FGA tutorial


Introduction to genetic algorithms

A genetic algorithm is a search heuristic used to solve optimization problems. It is based on the paradigm of evolutionary computation and it is inspired by biological models.

The possible solutions of a problem are encoded in chromosomes: firstly, a random population of chromosomes is created; then each chromosome is evaluated by the “fitness” function and the best chromosomes are selected for reproduction. The probability of being chosen is proportional to fitness:

(where is the fitness of chromosome i)

(note that FGA offers other different ways to select chromosomes).

Two parent chromosomes generate two children chromosomes through the “crossover” operator; FGA implements different types of crossover and lets the user define custom ones.
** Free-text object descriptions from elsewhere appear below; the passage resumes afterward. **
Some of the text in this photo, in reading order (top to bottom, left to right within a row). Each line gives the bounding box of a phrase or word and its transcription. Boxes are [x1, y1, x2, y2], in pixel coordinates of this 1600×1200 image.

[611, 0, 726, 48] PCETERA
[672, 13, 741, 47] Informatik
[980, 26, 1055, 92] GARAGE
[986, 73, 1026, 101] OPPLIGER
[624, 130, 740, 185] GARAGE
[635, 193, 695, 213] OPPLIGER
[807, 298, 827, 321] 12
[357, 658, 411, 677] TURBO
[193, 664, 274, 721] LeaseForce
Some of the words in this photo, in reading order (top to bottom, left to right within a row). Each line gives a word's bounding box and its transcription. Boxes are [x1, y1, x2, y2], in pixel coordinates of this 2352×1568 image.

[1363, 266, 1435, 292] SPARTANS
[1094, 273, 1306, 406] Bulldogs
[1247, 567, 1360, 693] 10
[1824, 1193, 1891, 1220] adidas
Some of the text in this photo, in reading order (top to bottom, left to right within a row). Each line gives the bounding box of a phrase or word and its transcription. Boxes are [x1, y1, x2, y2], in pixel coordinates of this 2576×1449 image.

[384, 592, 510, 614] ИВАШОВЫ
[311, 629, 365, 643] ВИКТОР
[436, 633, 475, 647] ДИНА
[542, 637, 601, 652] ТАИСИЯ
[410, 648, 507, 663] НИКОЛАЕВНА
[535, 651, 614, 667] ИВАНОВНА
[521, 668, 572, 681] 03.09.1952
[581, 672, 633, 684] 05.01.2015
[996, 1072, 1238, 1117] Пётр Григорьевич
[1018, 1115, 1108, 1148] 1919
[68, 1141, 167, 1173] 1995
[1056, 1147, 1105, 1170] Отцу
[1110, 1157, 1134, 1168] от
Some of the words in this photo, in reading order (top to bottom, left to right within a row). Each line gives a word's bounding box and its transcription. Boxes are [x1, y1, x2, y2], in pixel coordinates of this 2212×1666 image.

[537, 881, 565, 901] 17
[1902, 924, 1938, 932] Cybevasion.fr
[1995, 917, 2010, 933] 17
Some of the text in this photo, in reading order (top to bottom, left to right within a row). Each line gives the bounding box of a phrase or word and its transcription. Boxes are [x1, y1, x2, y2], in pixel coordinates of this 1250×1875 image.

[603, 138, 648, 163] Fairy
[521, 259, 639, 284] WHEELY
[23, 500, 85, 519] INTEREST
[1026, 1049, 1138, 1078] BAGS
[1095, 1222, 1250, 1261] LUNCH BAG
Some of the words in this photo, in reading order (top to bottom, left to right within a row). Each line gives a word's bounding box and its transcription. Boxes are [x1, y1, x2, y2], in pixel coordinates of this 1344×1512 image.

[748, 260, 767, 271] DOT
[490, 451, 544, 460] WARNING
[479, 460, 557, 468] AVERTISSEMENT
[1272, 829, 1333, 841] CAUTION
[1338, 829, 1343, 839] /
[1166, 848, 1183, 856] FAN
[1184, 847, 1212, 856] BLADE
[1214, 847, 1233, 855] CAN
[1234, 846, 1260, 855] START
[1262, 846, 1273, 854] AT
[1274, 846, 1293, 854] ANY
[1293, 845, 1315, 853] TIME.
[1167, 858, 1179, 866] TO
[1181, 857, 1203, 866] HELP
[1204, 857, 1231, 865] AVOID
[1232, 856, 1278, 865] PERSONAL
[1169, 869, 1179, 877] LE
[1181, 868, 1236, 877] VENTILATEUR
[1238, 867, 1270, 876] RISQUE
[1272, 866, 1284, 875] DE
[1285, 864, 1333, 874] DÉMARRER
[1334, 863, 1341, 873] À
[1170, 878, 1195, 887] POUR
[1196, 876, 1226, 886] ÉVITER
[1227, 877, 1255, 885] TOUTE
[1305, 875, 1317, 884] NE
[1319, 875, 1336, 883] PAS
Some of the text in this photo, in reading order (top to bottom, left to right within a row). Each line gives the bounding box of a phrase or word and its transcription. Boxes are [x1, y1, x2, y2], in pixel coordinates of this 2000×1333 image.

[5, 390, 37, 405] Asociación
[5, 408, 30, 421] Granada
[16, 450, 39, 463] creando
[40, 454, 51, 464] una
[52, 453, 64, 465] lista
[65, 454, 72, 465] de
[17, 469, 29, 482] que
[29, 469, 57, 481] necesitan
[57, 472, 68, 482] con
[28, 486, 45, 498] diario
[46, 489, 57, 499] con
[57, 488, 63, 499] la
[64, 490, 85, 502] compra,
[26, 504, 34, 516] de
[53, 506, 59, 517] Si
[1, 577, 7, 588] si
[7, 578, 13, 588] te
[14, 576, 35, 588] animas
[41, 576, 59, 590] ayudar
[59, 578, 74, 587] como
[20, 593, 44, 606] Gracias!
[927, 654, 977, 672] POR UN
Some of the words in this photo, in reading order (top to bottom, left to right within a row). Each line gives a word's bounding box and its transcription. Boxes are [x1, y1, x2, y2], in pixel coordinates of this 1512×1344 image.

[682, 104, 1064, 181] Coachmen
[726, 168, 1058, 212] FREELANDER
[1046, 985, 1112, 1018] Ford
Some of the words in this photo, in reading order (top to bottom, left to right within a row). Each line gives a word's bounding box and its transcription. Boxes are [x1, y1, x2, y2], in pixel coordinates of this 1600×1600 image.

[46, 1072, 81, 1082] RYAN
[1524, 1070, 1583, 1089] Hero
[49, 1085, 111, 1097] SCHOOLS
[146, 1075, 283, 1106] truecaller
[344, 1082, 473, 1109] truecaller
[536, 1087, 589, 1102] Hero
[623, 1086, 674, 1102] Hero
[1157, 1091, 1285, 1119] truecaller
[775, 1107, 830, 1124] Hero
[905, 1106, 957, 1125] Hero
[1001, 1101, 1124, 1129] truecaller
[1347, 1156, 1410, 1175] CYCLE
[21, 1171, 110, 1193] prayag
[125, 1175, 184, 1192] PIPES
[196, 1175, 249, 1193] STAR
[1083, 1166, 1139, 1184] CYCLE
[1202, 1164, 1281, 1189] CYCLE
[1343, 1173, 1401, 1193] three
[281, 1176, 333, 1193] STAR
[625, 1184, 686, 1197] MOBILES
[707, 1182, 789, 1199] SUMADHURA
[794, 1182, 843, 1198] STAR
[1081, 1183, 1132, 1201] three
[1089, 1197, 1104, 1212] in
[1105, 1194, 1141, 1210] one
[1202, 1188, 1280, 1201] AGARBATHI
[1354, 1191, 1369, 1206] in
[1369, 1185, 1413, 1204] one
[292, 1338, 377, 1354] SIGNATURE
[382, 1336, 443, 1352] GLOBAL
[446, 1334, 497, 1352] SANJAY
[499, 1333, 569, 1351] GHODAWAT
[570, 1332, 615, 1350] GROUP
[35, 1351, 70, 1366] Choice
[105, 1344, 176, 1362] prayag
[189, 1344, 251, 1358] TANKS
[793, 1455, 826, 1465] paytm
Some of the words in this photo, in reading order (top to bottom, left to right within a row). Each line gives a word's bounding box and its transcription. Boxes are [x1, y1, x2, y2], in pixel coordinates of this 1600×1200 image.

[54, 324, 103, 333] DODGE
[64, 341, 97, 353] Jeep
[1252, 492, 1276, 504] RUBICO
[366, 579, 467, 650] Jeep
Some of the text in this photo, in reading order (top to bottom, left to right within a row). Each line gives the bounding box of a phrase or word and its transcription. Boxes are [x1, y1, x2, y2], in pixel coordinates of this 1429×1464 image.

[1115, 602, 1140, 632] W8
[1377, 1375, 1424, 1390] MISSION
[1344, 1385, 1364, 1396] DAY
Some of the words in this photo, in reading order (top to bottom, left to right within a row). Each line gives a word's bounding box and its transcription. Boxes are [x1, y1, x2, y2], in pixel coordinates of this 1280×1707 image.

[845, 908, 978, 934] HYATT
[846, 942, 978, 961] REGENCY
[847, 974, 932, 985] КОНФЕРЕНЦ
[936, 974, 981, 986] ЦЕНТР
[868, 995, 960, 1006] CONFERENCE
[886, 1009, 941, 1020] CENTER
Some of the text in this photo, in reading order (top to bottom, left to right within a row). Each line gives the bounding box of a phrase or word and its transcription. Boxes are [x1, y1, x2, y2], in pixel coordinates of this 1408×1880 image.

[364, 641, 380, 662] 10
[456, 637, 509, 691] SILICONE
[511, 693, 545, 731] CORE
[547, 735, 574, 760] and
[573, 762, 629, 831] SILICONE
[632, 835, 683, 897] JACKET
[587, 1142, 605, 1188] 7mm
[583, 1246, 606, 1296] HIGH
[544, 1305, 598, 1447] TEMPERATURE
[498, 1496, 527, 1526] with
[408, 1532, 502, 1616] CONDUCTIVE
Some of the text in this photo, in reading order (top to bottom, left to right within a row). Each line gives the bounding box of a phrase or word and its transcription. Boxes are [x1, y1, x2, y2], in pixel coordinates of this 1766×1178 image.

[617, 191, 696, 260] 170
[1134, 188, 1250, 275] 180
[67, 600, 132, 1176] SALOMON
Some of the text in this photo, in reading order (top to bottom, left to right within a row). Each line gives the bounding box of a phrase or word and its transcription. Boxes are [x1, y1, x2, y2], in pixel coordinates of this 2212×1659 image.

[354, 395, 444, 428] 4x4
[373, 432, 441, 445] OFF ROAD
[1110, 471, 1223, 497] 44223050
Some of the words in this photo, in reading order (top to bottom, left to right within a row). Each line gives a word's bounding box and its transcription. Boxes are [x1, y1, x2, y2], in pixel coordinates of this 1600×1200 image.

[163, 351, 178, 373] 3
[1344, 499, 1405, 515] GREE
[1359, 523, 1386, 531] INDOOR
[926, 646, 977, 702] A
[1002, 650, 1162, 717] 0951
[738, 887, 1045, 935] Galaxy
Here are two examples of crossover:





(one-point crossover and two-point crossover)

Then comes the mutation stage, where there is a probability for each gene of a chromosome to be changed (with FGA it is also possible to define different mutation routines).

These steps are repeated until the population's best chromosome satisfies minimum criteria or until it stabilizes to a certain value.


Using FGA

To compile the examples on Linux/Unix platforms, launch “make” from a shell.

You can also issue "make install" (with root privileges) if you wish to install FGA system-wide; after that, fga.hpp will be located in /usr/local/include, all documentation in /usr/local/share/doc/fga and example source code in /usr/local/share/examples/fga; compiled example binaries will be in /usr/local/bin.

"make uninstall" deletes all files installed with the previous command.

On Windows, you can use the included project file for Visual Studio (“project-win32-visualstudio.sln”) or for Dev-C++ (“project-win32-devcpp.dev”).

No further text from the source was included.